I am so sorry you are going through this....it's horrendous and I cannot even imagine how you are feeling...your words strike me as so very brave

I'm thinking of you all xxxx

I'm so sorry. What a heartbreaking situation. You've been given good advice and I just wanted to send you a hug.

ImperialBlether Fri 09-Nov-12 20:25:21

What a desperately sad situation.

Please excuse me if you've already done this, but has your daughter made anything that you could take to her father, such as a painting? I know she's too young to write but could you buy a card and let her write kisses on it? Could she choose a photo of you all which you could take to the hospital to put by his bedside? Choose some flowers for him?

It sounds as though you've had a really awful time; I'm so glad your mum is there for you.
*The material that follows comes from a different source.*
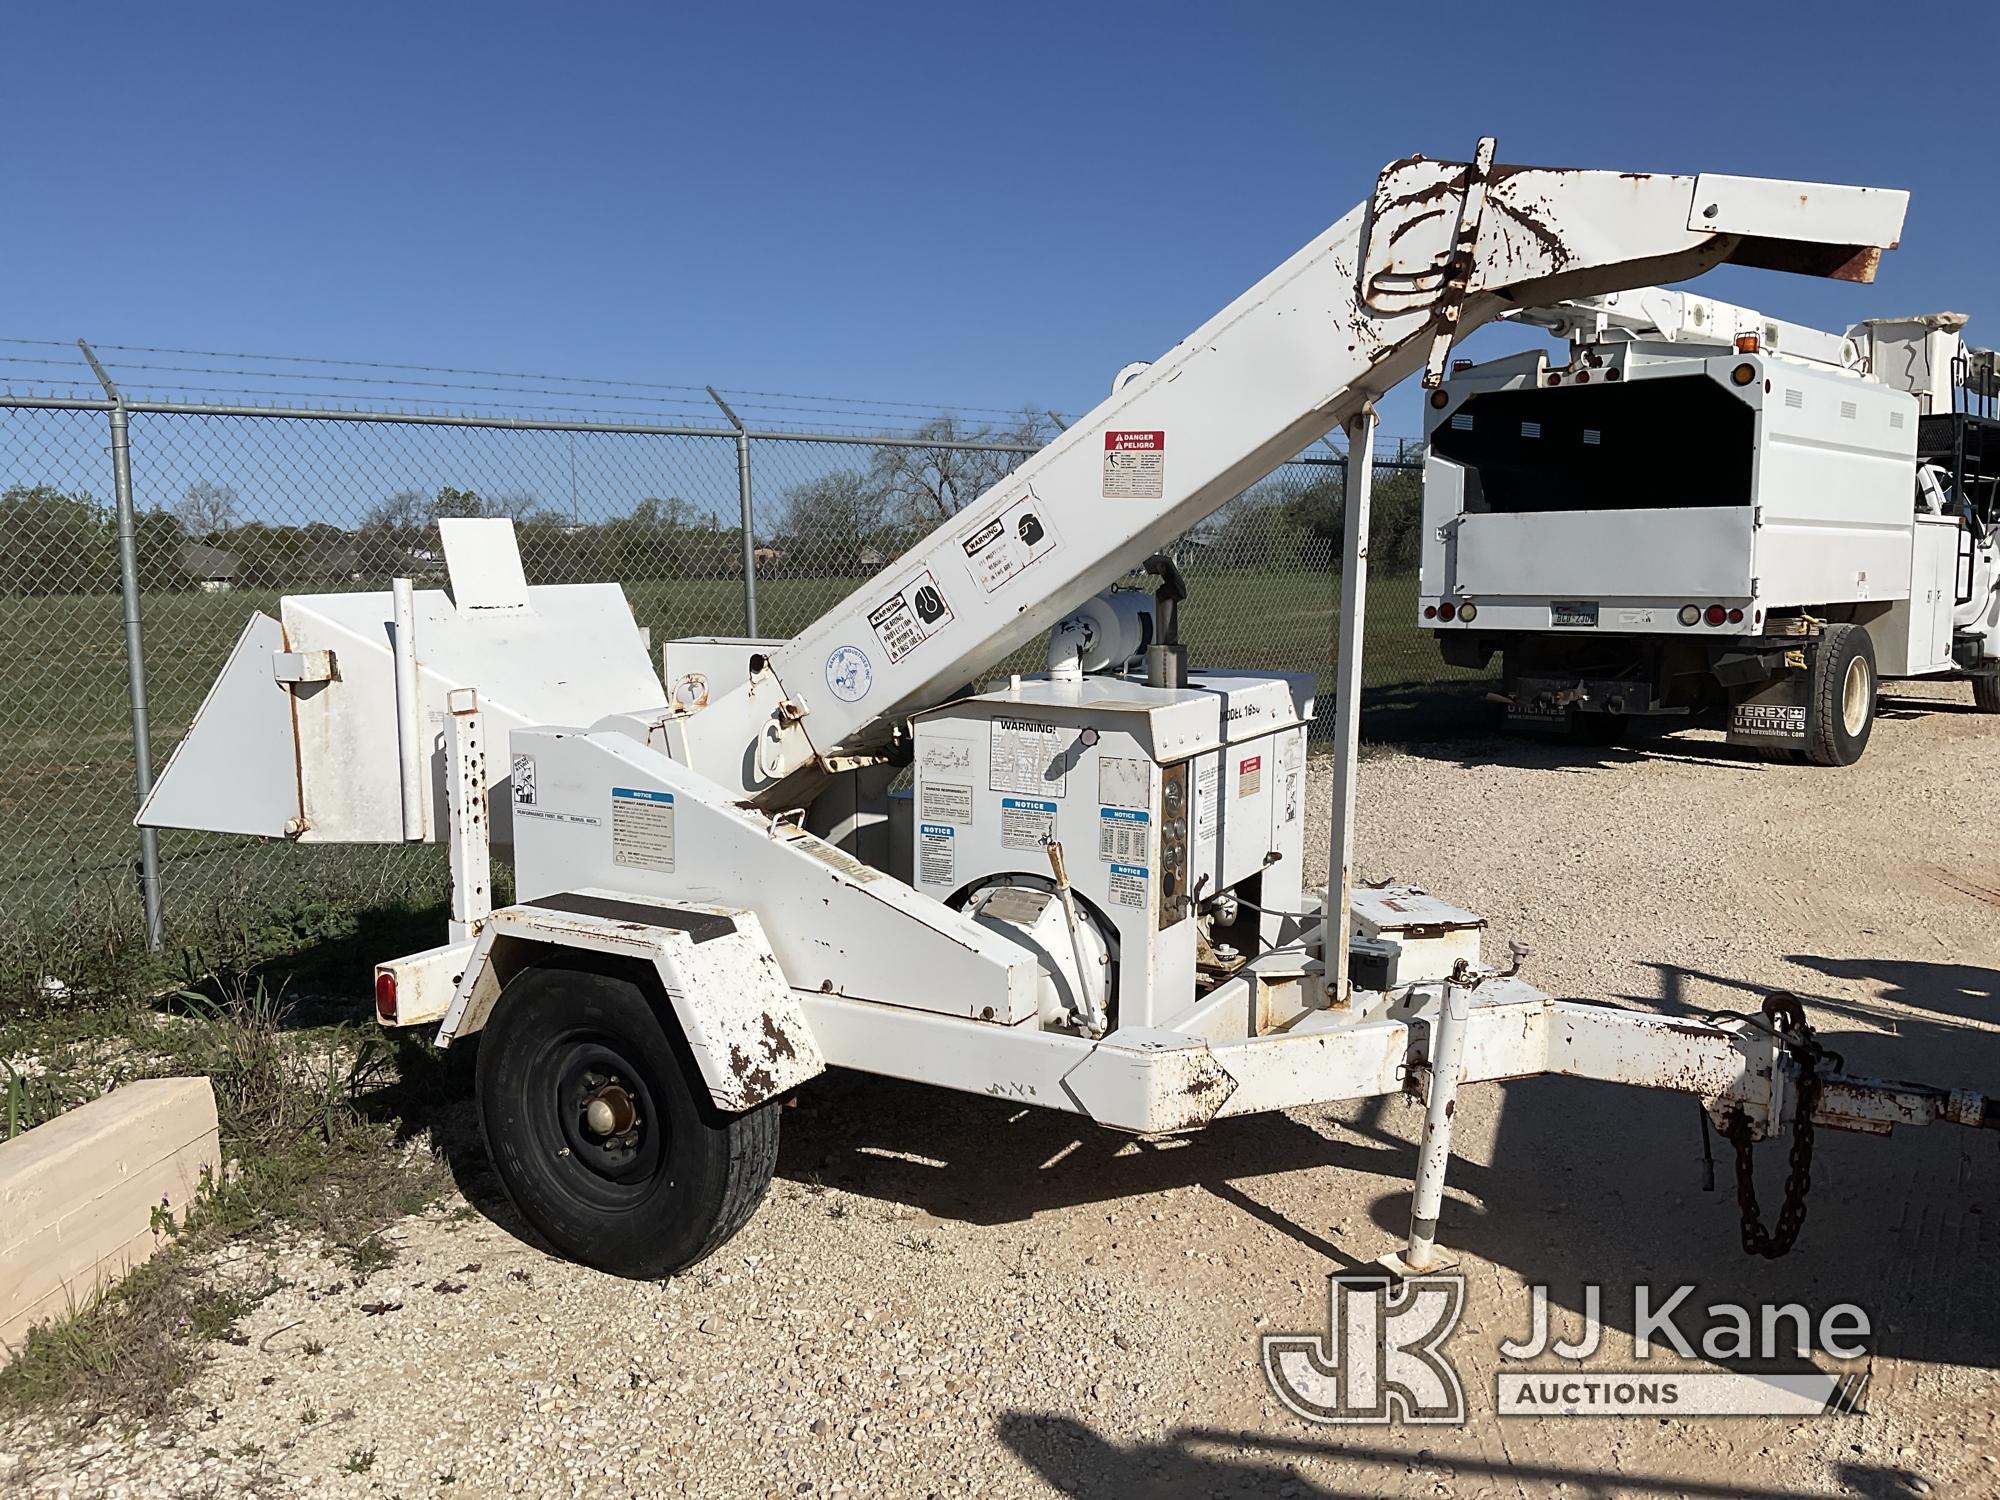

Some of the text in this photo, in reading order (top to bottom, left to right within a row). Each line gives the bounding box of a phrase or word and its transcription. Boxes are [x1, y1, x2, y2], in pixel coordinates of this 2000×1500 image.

riskit4abiskit Fri 16-Nov-12 18:50:07

Oh I am sobbing over this thread, its so very sad. You sound like you are coping so very well with the circumstances. Best wishes to all your family.

Xenia Sat 17-Nov-12 10:04:20

How sad. So awful so unfair,. How good of your mother to come out to Italy to be with you all. You are doing very well. It is a terrible situation.

Is your 4 year old so unhappy about going to school because she was used to England and English and suddenly she is in an Italian school.

Should she see her father even if only for 2 or 3 minutes so she can visualise where he is and how sick he is?

Sorry to ask but had he made a will and have you looked at financial things in Italy and UK once the worst has happened?